Task instructions:
Locate the line that contains "Some of the text". Copy it and every following line through the end of the records, exactly, and include nothing else.

Data records:
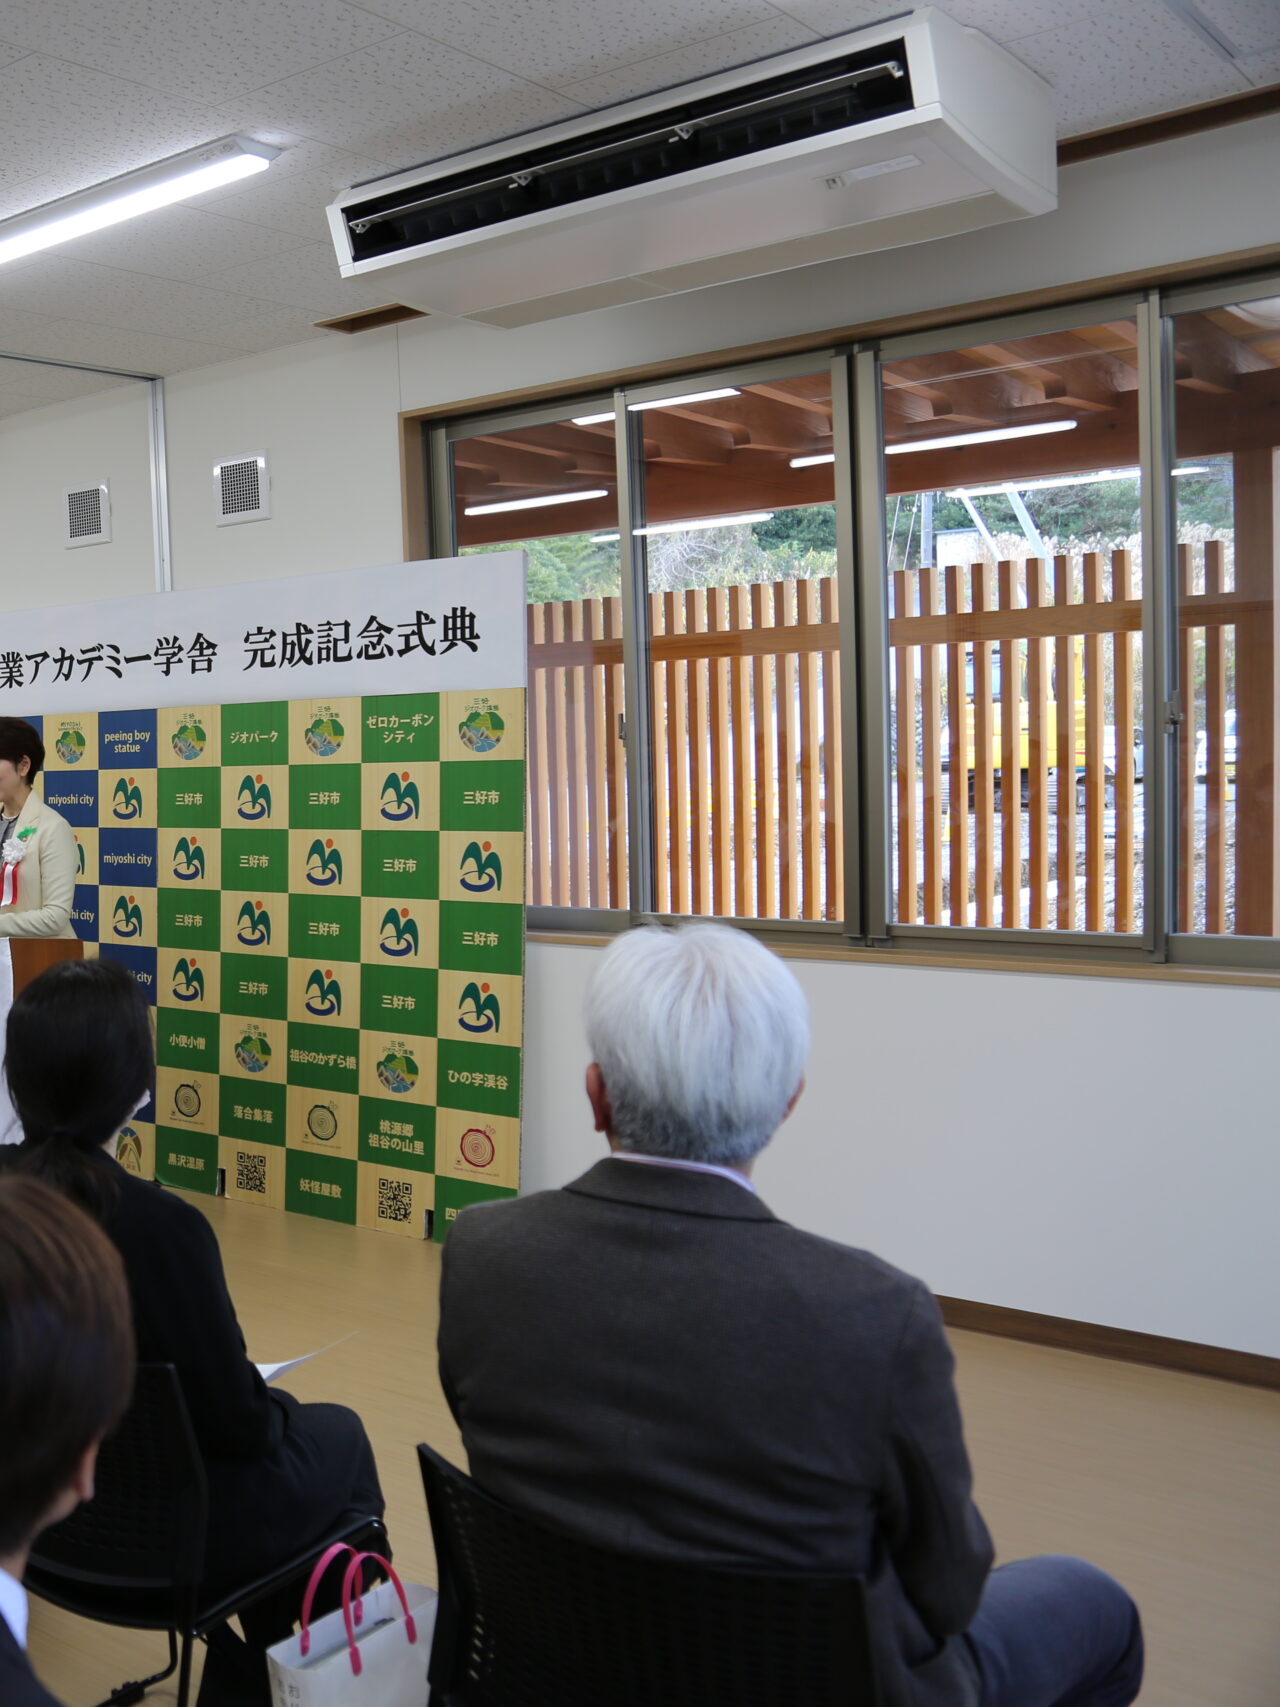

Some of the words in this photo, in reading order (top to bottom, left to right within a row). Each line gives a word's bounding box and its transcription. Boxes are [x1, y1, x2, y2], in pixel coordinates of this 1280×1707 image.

[243, 606, 480, 671] 完成記念式典
[366, 713, 435, 729] ゼロカーボン
[104, 731, 133, 745] peeing
[134, 730, 151, 744] boy
[230, 731, 279, 744] ジオパーク
[383, 730, 416, 744] シティ
[114, 743, 141, 754] statue
[48, 795, 78, 807] miyoshi
[79, 794, 94, 806] city
[175, 793, 204, 806] 三好市
[308, 791, 341, 806] 三好市
[463, 790, 500, 805] 三好市
[103, 853, 136, 867] miyoshi
[136, 854, 153, 868] city
[239, 855, 270, 868] 三好市
[382, 859, 417, 873] 三好市
[79, 910, 95, 923] city
[175, 914, 204, 927] 三好市
[308, 922, 341, 937] 三好市
[462, 931, 500, 947] 三好市
[136, 971, 153, 985] city
[238, 981, 269, 996] 三好市
[381, 995, 416, 1010] 三好市
[169, 1034, 206, 1050] 小便小僧
[289, 1048, 357, 1070] 祖谷のかずら橋
[447, 1070, 509, 1091] ひの字渓谷
[379, 1119, 414, 1138] 桃源郷
[368, 1133, 425, 1156] 祖谷の山里
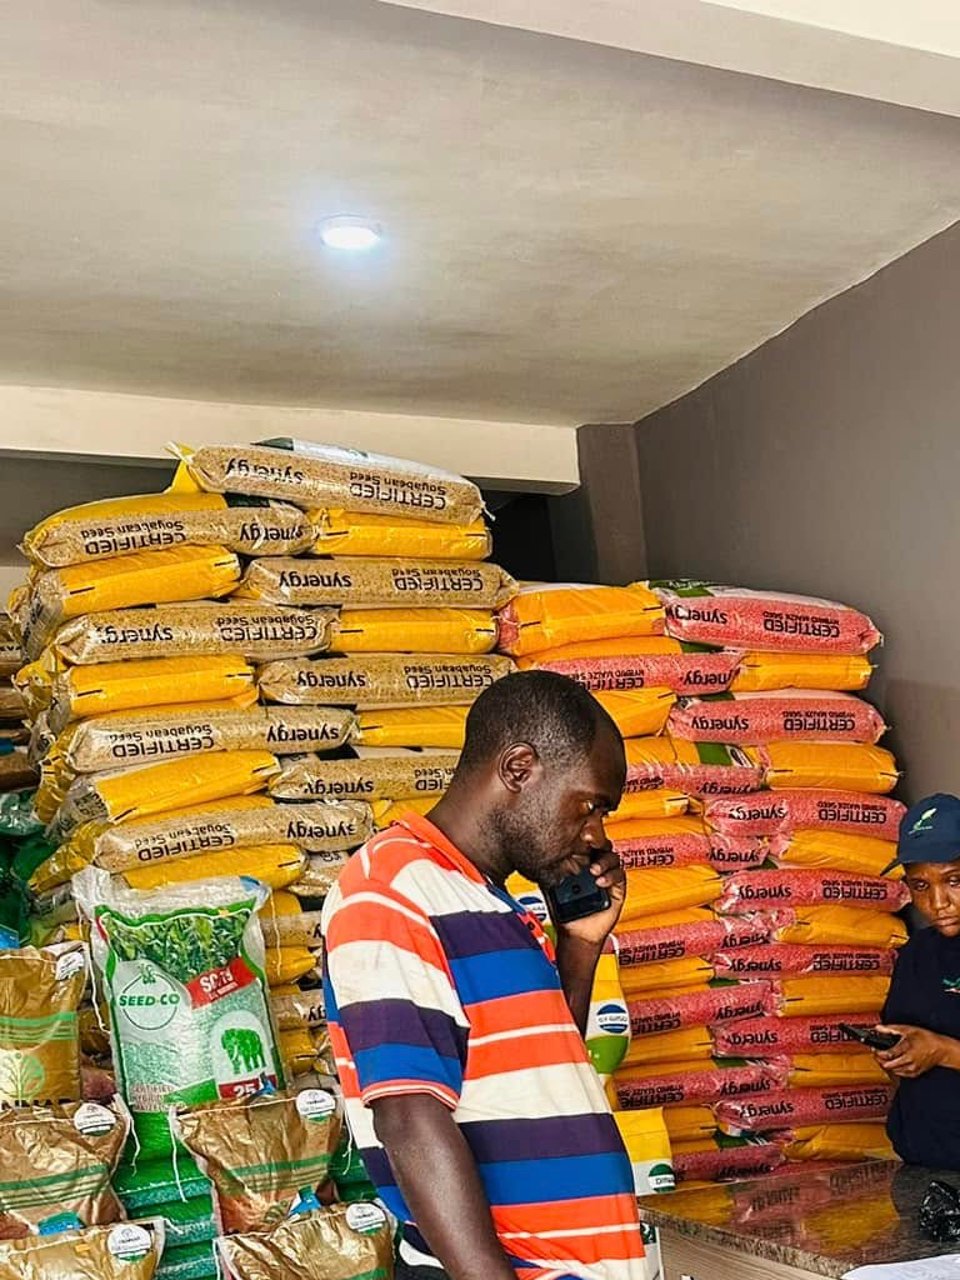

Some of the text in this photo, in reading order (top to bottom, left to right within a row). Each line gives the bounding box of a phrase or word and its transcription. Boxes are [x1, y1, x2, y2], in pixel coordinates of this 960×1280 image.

[349, 482, 446, 511] CERTIFIED
[85, 532, 187, 555] CERTIFIED
[279, 571, 352, 589] synergy
[395, 577, 483, 592] CERTIFIED
[220, 625, 318, 643] CERTIFIED
[763, 618, 841, 638] CERTIFIED
[297, 670, 366, 688] synergy
[406, 674, 493, 689] CERTIFIED
[587, 677, 645, 691] CERTIFI
[691, 716, 750, 731] synergy
[783, 718, 856, 731] CERTIFIED
[267, 724, 340, 743] synergy
[112, 735, 214, 758] CERTIFIED
[303, 779, 375, 796] synergy
[818, 808, 887, 824] CERTIFIED
[286, 819, 357, 840] synergy
[139, 833, 236, 862] CERTIFIED
[738, 884, 792, 901] synergy
[822, 886, 888, 900] CERTIFIED
[619, 947, 686, 966] CERTIFIE
[812, 959, 881, 971] CERTIFIED
[729, 959, 782, 973] synergy
[719, 1078, 772, 1096] synergy
[620, 1092, 685, 1108] CERTIFIE
[824, 1093, 889, 1110] CERTIFIED

Response to the exercise:
Some of the text in this photo, in reading order (top to bottom, left to right within a row). Each line gives the bounding box of a phrase or word and its transcription. Boxes are [x1, y1, x2, y2], in pixel coordinates of this 960×1280 image.

[349, 482, 446, 511] CERTIFIED
[85, 532, 187, 555] CERTIFIED
[279, 571, 352, 589] synergy
[395, 577, 483, 592] CERTIFIED
[220, 625, 318, 643] CERTIFIED
[763, 618, 841, 638] CERTIFIED
[297, 670, 366, 688] synergy
[406, 674, 493, 689] CERTIFIED
[587, 677, 645, 691] CERTIFI
[691, 716, 750, 731] synergy
[783, 718, 856, 731] CERTIFIED
[267, 724, 340, 743] synergy
[112, 735, 214, 758] CERTIFIED
[303, 779, 375, 796] synergy
[818, 808, 887, 824] CERTIFIED
[286, 819, 357, 840] synergy
[139, 833, 236, 862] CERTIFIED
[738, 884, 792, 901] synergy
[822, 886, 888, 900] CERTIFIED
[619, 947, 686, 966] CERTIFIE
[812, 959, 881, 971] CERTIFIED
[729, 959, 782, 973] synergy
[719, 1078, 772, 1096] synergy
[620, 1092, 685, 1108] CERTIFIE
[824, 1093, 889, 1110] CERTIFIED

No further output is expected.